The electric potential energy stored in the capacitor of a defibrillator is 77 J, and the capacitance is 123 µF. What is the potential difference that exists across the capacitor plates?
PE=CU²/2
U=sqrt{2•PE/C}
To find the potential difference across the capacitor plates, we can use the equation:
Electric potential energy (E) = 1/2 * C * V^2
Where:
- E is the electric potential energy stored in the capacitor
- C is the capacitance (in Farads)
- V is the potential difference (in volts)

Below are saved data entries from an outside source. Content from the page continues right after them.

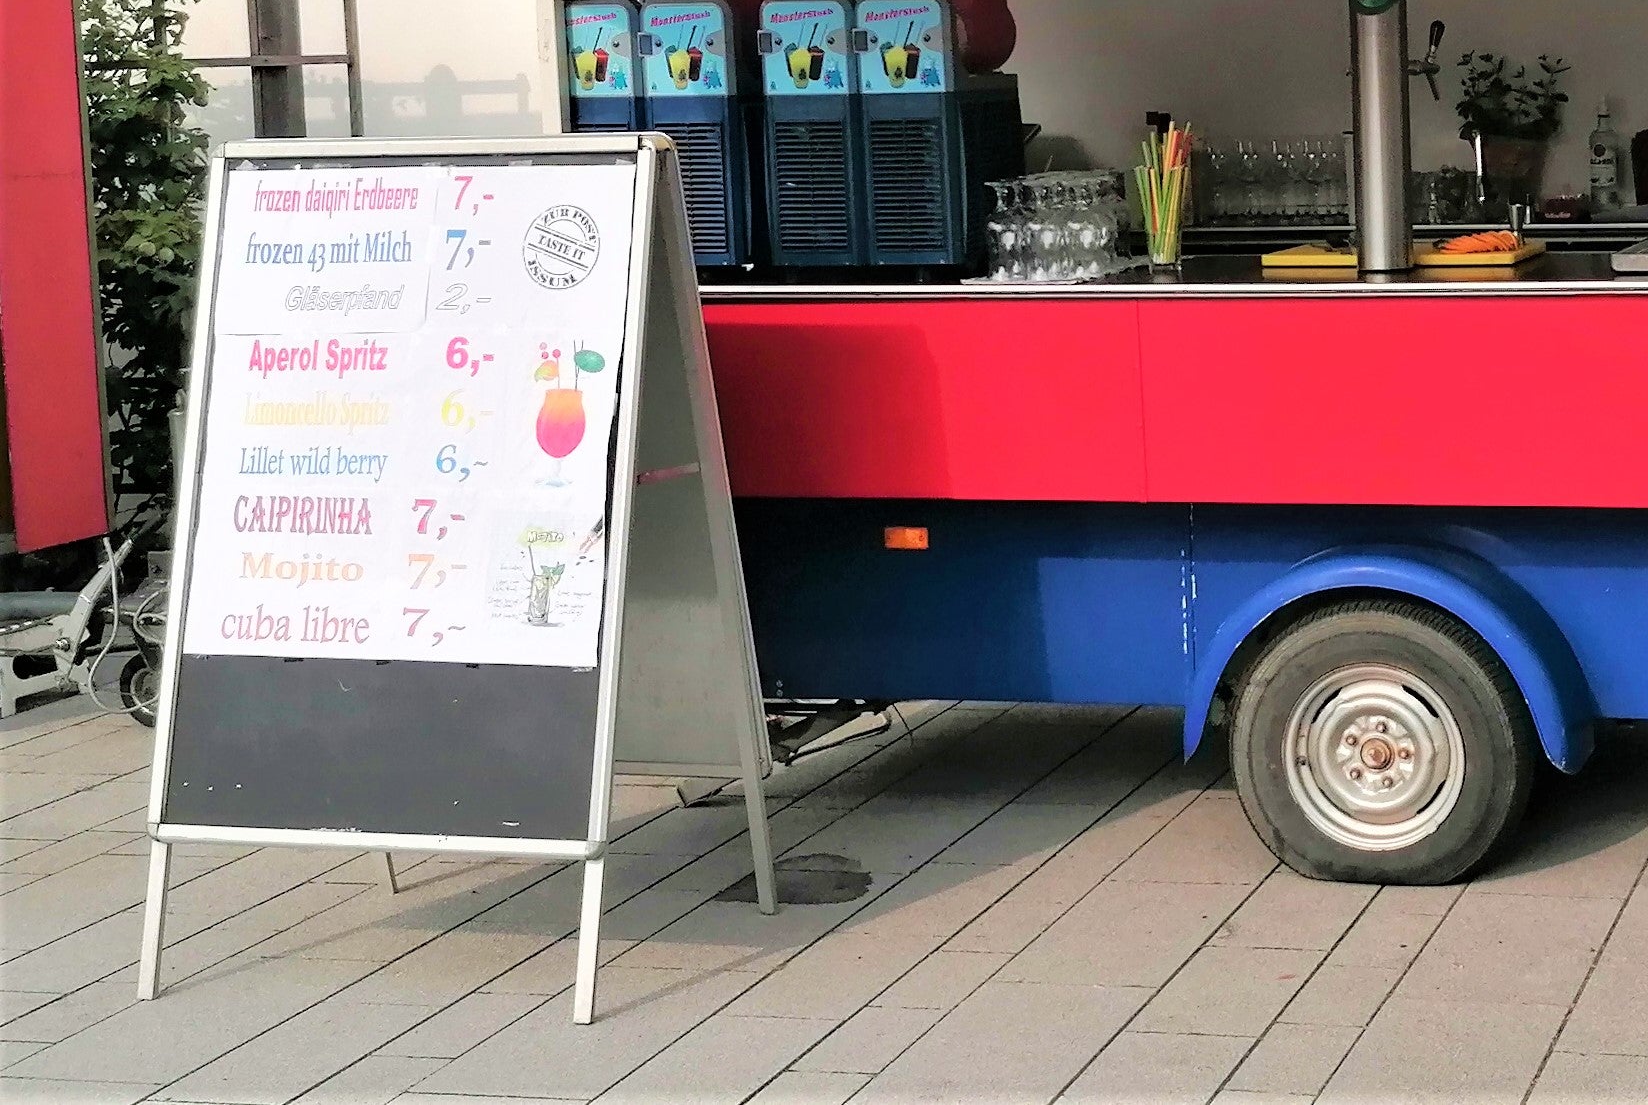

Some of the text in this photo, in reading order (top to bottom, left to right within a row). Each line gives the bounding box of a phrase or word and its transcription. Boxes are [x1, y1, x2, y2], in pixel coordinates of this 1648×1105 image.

[254, 179, 301, 212] frozen
[354, 177, 419, 211] Erdbeere
[245, 231, 303, 264] frozen
[307, 243, 326, 273] 43
[329, 230, 359, 264] mit
[363, 230, 412, 263] Milch
[538, 235, 586, 261] TASTE IT
[284, 283, 405, 317] Gläserpfand
[249, 339, 319, 379] Aperol
[326, 339, 388, 379] Spritz
[239, 447, 285, 475] Lillet
[290, 446, 330, 475] wild
[336, 446, 388, 483] berry
[233, 495, 372, 535] CAIPIRINHA
[239, 551, 364, 588] Mojito
[221, 603, 292, 642] cuba
[301, 605, 370, 643] libre
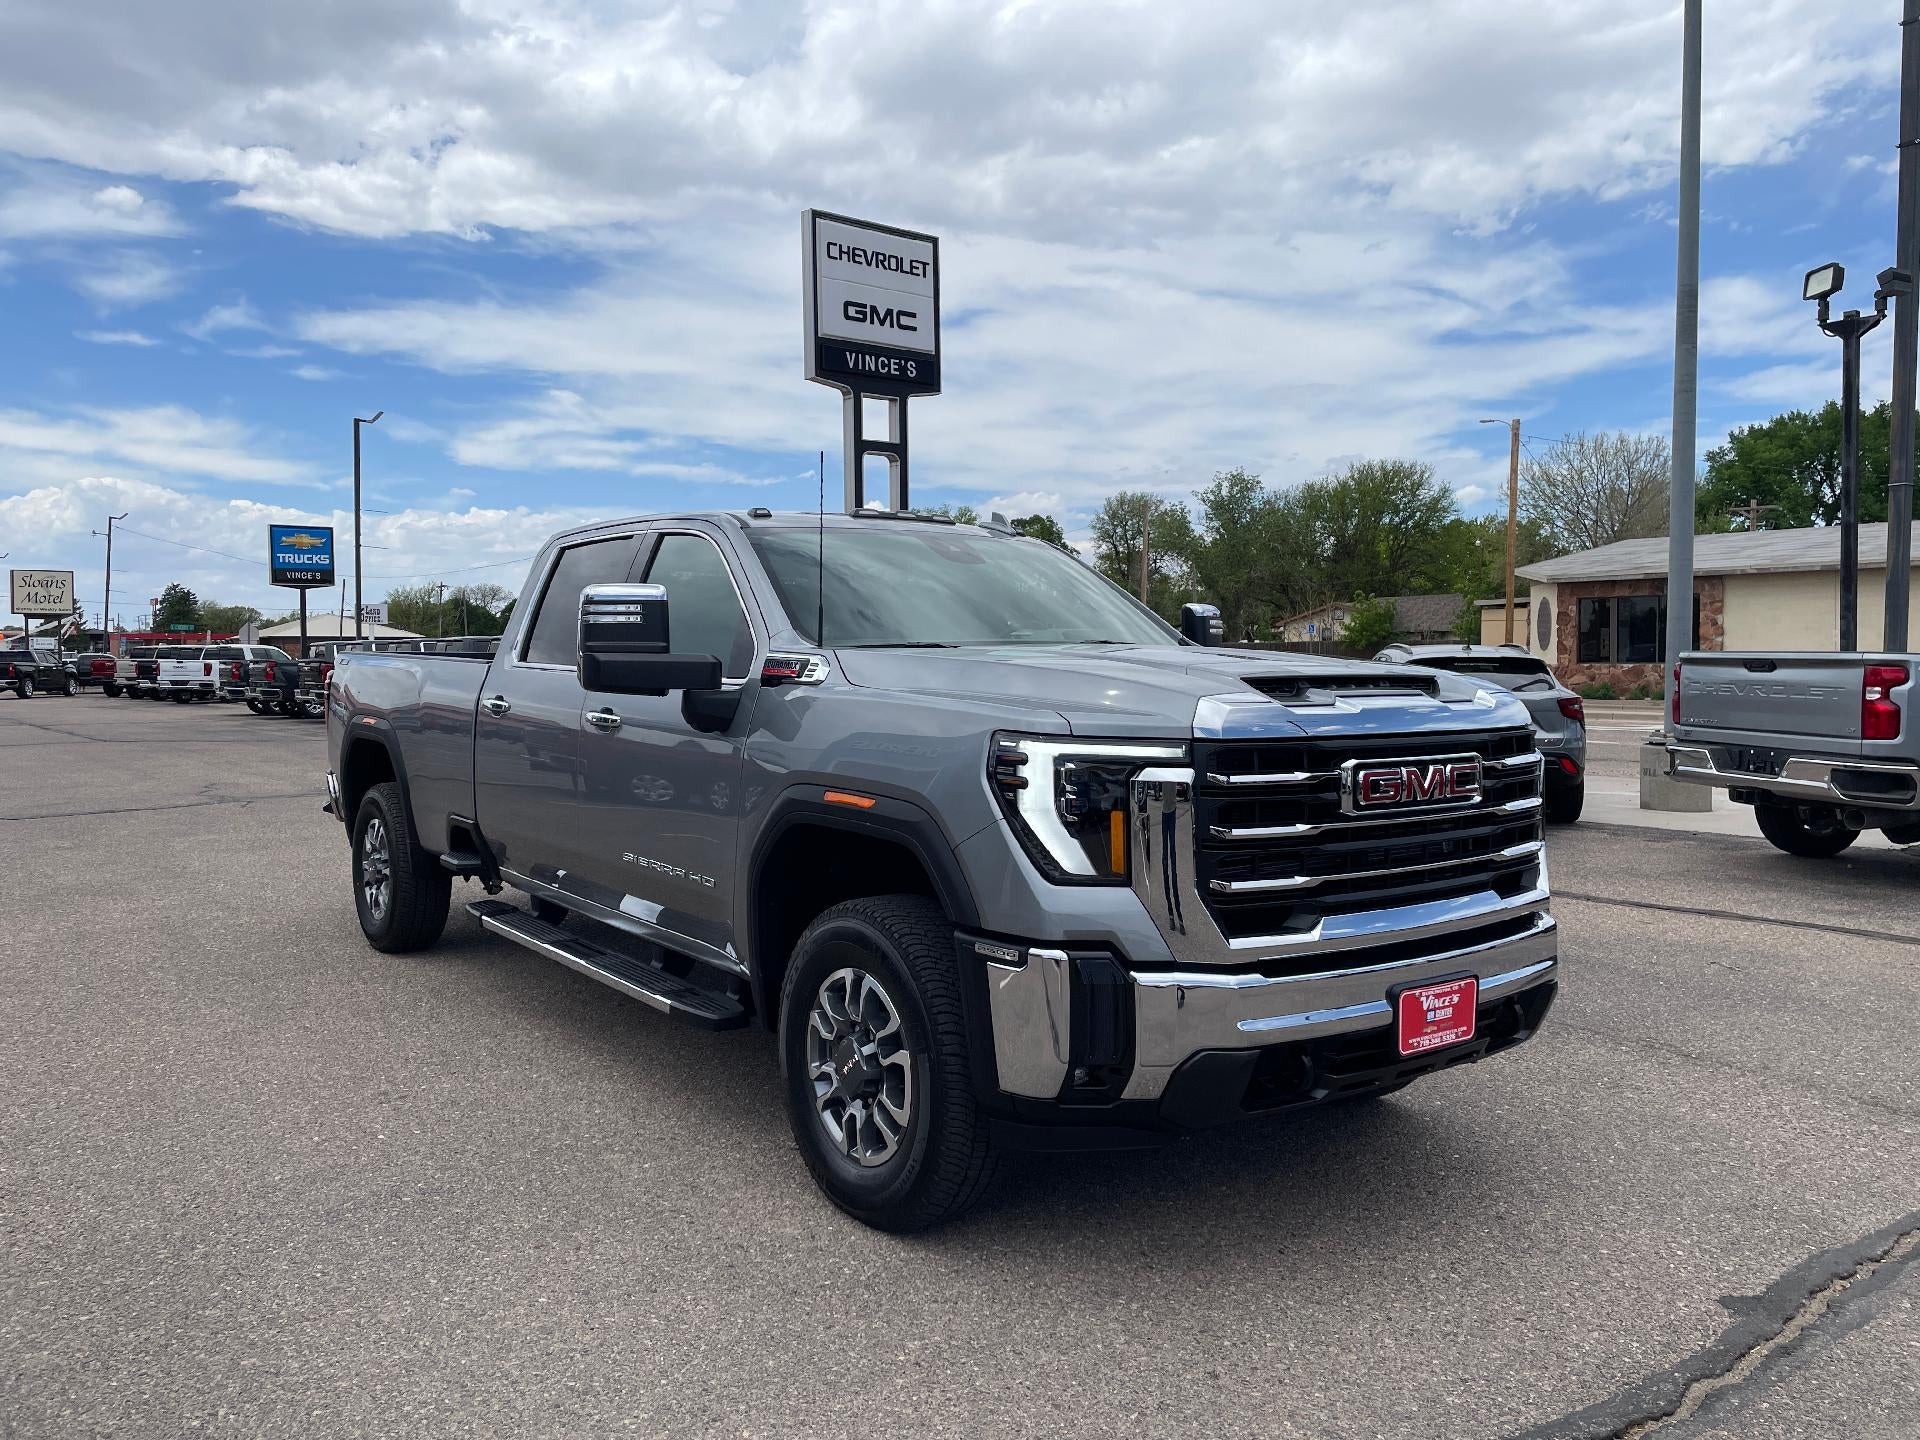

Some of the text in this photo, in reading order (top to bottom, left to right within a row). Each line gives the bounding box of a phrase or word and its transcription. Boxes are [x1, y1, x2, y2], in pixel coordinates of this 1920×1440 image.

[826, 241, 930, 278] CHEVROLET
[843, 300, 918, 332] GMC
[846, 351, 917, 378] VINCE'S
[276, 553, 330, 565] TRUCKS
[18, 574, 67, 590] Sloans
[286, 571, 321, 580] VINCE'S
[21, 591, 65, 604] Motel
[1687, 681, 1848, 701] CHEVROLET
[1358, 763, 1480, 805] GMC
[622, 852, 716, 888] SIERRA HD
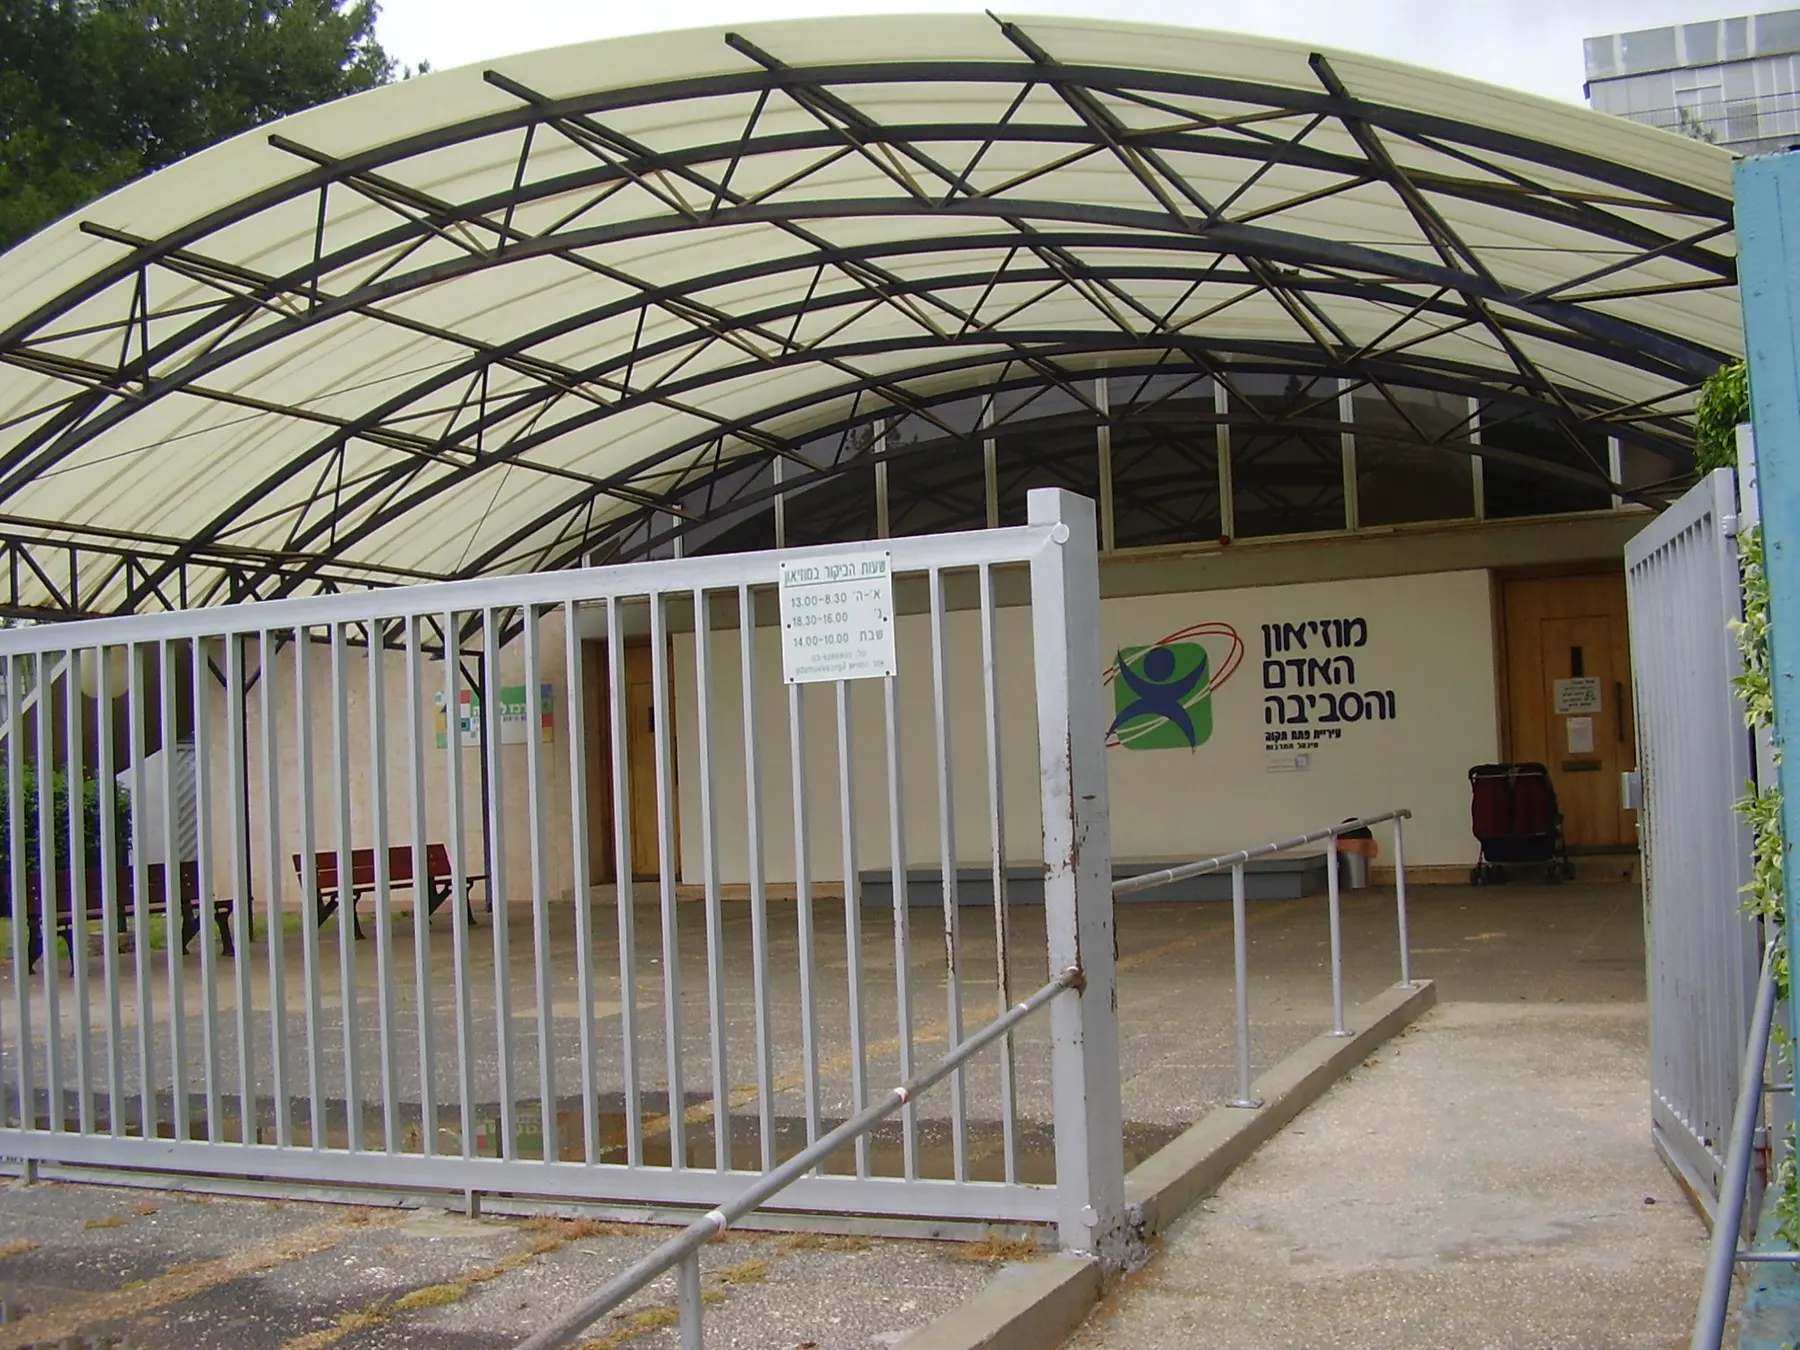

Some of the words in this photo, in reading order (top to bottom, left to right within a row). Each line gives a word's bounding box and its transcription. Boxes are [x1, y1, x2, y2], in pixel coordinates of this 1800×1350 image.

In this case, we are given the electric potential energy (E = 77 J) and the capacitance (C = 123 µF).
First, we need to ensure that the capacitance is in Farads. The given value is in microfarads (µF), so we need to convert it to Farads by dividing it by 10^6:
C = 123 µF = 123 * 10^(-6) F = 0.000123 F
Now we can rearrange the equation for electric potential energy and solve for the potential difference (V):
E = 1/2 * C * V^2
V^2 = 2E/C (multiply both sides by 2/C)
V = √(2E/C) (take the square root of both sides)
Substituting the given values:
V = √(2 * 77 J / 0.000123 F)
V = √(154000 J/F)
V ≈ 393 V
Therefore, the potential difference that exists across the capacitor plates is approximately 393 volts.